First, to provide some background. The project is based on the Hex processor architecture that was designed by David May as a vehicle for teaching about how computers work at the University of Bristol, whilst being flexible enough to execute substantial programs and easily extensible. David provided a simulator written in C and a bootstrapping compiler written in an accompanying simple imperative programming language called X. The design of Hex draws on the Transputer architecture and the earlier Simple 42, particularly with the use of short instruction encodings, a prefixing mechanism for creating larger immediates and A, B and C registers for expression evaluation. These kind of architectural features made the silicon implementation of the Simple 42 and Transputers small enough to fit on a single chip in the technology of the day. X draws on the basic sequential features of the occam programming language but it not dissimilar to a small subset of C, for example. I include some more historical details at the end.

In my implementation, I have created a simple C++ toolchain with a simulator, Hex assembler and X language compiler, and a Verilog implementation of Hex. Before describing them, the next two sections introduce Hex and X.

Table of contents

  1. The Hex architecture
  2. The X language
  3. Hex processor integrated circuit
  4. Hex tooling
  5. A historical note
  6. Summary
  7. Similar projects
  8. Further reading

The Hex architecture

The Hex architecture is described in detail in a separate PDF, but I will give a brief summary here and focus on several important aspects for reference. Hex has four registers: program counter pc, operand register oreg and the A and B registers areg and breg used for expression evaluation. The architecture is agnostic of a particular word size, but it has to be a minimum of a byte and multiples of a byte. In the included implementation the word size is 4 bytes. Hex has sixteen instructions (hence its name!) that are summarised in the following table. Each instruction has a 4-bit opcode and a 4-bit immediate. The immediate value can be extended using the prefix instructions to form a wider value in the oreg, adding four bits per instruction. Operations beyond the 16 available encodings are made accessible by the OPR instruction that encodes the operation type with its immediate. The instructions are grouped into memory access with absolute or relative addressing modes, loading of constants, branching, inter-register operations and supervisor calls.

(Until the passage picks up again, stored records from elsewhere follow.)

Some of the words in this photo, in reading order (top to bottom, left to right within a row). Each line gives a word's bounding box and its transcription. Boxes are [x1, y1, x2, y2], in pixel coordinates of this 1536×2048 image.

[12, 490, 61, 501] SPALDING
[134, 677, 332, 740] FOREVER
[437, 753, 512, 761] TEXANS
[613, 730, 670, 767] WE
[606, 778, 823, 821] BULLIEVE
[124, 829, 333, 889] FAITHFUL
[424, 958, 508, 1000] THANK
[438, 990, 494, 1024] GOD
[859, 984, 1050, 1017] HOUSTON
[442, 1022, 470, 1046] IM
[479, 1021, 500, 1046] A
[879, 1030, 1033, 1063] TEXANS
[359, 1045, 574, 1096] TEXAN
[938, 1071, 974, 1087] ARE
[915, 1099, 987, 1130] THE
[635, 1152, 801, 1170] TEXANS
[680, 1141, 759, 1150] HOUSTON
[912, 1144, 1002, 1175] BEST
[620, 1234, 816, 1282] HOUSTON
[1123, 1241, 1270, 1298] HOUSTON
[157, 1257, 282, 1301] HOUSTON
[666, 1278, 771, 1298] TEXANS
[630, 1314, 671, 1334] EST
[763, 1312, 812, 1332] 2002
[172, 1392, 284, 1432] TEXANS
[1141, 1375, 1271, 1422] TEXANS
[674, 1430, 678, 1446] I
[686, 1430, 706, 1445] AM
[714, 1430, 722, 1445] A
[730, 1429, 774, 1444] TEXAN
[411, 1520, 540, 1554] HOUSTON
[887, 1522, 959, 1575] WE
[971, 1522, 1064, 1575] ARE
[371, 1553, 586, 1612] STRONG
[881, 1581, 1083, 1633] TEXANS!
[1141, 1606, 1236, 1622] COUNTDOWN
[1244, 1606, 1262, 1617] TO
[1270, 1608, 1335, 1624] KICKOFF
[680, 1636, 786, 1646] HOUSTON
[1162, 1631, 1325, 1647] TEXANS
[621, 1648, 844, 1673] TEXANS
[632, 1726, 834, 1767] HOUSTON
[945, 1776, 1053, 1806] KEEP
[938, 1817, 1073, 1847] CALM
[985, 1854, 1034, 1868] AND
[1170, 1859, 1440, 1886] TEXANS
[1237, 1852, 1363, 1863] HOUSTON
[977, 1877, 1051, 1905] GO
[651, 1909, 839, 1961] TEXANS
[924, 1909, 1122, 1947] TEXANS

Opcode Behaviour Description
LDAM areg := mem[oreg] Load from memory with an absolute address into areg
LDBM breg := mem[oreg] Load from memory with an absolute address into breg
STAM mem[oreg] := areg Store to absolute address from areg
LDAC areg := oreg Load constant into areg
LDBC breg := oreg Load constant into breg
LDAP areg := pc + oreg Load program counter-relative address into areg
LDAI areg := mem[areg + oreg] Load from memory with base and offset into areg
LDBI breg := mem[breg + oreg] Load from memory with base and offset into breg
STAI mem[breg + oreg] := areg Store to memory with base and offset from areg
BR pc := pc + oreg Branch relative
BRZ if areg = 0: pc := pc + oreg Conditional branch relative on areg being zero
BRN if areg < 0: pc := pc + oreg Conditional branch relative on areg being negative
BRB pc := breg Absolute branch
PFIX oreg := oreg << 4 Positive prefix
NFIX oreg = 0xFFFFFF00 | oreg << 4 Negative prefix
OPR - Inter-register operation
  ADD areg := areg + breg Add areg and breg and set areg to the result
  SUB areg := areg - breg Subtract areg and breg and set areg to the result
  SVC - Supervisor call

Prefixing

Prefixing using the PFIX and NFIX operations generates operand values in oreg larger than the 4-bit instruction immediate. For example, the following instructions generate the value 16 in oreg and use LDAC to assign it to areg :

PFIX 1  # oreg = oreg (1) << 4 (0x000010)
LDAC 0  # areg = oreg 16

Prefixes can be chained to extend the operand range, for example, generating the value 496 requires two positive prefixes before a load constant instruction:

PFIX 1  # oreg = oreg (1) << 4 (0x000010)
PFIX 15 # oreg = oreg (31) << 4 (0x0001f0)
LDAC 0  # areg = oreg 496

Negative values always require a negative prefix to fill the top most oreg bits with ones, so to load the value -1 into oreg then areg:

NFIX 15 # oreg = 0xFFFFFF00 | oreg (15) << 4 (0xfffffff0)
LDAC 15 # areg = oreg 4294967295

And to load -512, a positive prefix is required to scale the negative value:

NFIX 14 # oreg = 0xFFFFFF00 | oreg (14) << 4 (0xffffffe0)
PFIX 0  # oreg = oreg (4294967264) << 4 (0xfffffe00)
LDAC 0  # areg = oreg 4294966784

Inter-register operations

The inter-register operations use the OPR opcode and consist only of addition and subtraction. The group can be extended by implementing additional immediate opcodes to add new operations to the processor (such as other arithmetic and bitwise operations). The 4-bit immediate supports up to 16 inter-register operations without the need for prefixing, but many more with prefixing and the according overhead to form larger immediates. The following instruction sequence adds two numbers from fixed locations in memory, with the result written to areg:

LDAM 1  # areg = mem[oreg (0x000001)] (7)
LDBM 2  # breg = mem[oreg (0x000002)] (9)
OPR  1  # ADD areg = areg (7) + breg (9) (16)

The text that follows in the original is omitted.